Beyond Algorithm Evolution: An LLM-Driven Framework for the Co-Evolution of Swarm Intelligence Optimization Algorithms and Prompts

TL;DR

This paper introduces a novel framework that co-evolves swarm intelligence algorithms and prompts using a single LLM, improving automated algorithm design and performance in complex problem-solving scenarios.

Contribution

It proposes a unified LLM-driven co-evolution framework for algorithms and prompts, enhancing interpretability and robustness across different models and problem types.

Findings

Outperforms state-of-the-art automated design methods on NP problems

Demonstrates divergent evolutionary trajectories across different LLMs

Maintains high performance with less powerful, more cost-effective LLMs

Abstract

The field of automated algorithm design has been advanced by frameworks such as EoH, FunSearch, and Reevo. Yet, their focus on algorithm evolution alone, neglecting the prompts that guide them, limits their effectiveness with LLMs, especially in complex, uncertain environments where they nonetheless implicitly rely on strategies from swarm intelligence optimization algorithms.
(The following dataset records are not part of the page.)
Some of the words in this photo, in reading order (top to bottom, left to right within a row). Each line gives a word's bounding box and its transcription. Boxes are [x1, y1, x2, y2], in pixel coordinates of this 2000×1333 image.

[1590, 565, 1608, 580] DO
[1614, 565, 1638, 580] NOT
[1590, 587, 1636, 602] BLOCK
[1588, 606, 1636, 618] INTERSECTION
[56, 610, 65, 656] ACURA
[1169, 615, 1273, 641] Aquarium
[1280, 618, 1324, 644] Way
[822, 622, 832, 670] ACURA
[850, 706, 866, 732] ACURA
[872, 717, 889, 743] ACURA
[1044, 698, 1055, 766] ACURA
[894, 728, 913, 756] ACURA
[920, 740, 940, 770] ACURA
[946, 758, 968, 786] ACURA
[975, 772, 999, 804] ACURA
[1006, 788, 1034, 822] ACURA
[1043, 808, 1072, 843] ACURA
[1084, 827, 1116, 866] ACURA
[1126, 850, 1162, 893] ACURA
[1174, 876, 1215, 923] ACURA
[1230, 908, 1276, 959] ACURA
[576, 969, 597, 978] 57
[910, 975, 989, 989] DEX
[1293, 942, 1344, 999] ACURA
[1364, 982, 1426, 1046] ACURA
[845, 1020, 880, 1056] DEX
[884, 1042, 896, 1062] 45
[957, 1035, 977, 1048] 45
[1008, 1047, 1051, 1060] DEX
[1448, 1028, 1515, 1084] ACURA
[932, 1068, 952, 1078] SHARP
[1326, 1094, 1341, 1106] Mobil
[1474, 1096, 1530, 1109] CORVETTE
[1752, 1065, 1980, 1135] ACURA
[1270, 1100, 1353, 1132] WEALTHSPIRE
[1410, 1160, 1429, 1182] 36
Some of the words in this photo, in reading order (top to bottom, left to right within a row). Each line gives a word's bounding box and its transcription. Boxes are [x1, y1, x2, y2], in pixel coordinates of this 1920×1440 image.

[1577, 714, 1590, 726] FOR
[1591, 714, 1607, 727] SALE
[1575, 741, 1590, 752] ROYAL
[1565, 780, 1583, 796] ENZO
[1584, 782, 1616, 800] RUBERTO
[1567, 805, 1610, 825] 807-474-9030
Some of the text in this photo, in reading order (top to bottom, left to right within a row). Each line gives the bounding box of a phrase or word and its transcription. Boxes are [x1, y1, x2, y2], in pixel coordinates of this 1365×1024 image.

Recognizing this, we argue that swarm intelligence optimization provides a more generalized and principled foundation for automated design. Consequently, this paper proposes a novel framework for the collaborative evolution of both swarm intelligence algorithms and guiding prompts using a single LLM. To enhance interpretability, we also propose a simple yet efficient evaluation method for prompt templates. The framework was rigorously evaluated on a range of NP problems, where it demonstrated superior performance compared to several state-of-the-art automated design approaches. Experiments with various LLMs (e.g., GPT-4o-mini, Qwen3-32B, GPT-5) reveal significantly divergent evolutionary trajectories in the generated prompts, further underscoring the necessity of a structured co-evolution framework. Importantly, our approach maintains leading performance across different models, demonstrating reduced reliance on the most powerful LLMs and enabling more cost-effective deployments. Ablation studies and in-depth analysis of the evolved prompts confirm that collaborative evolution is essential for achieving optimal performance. Our work establishes a new paradigm for swarm intelligence optimization algorithms, underscoring the indispensable role of prompt evolution.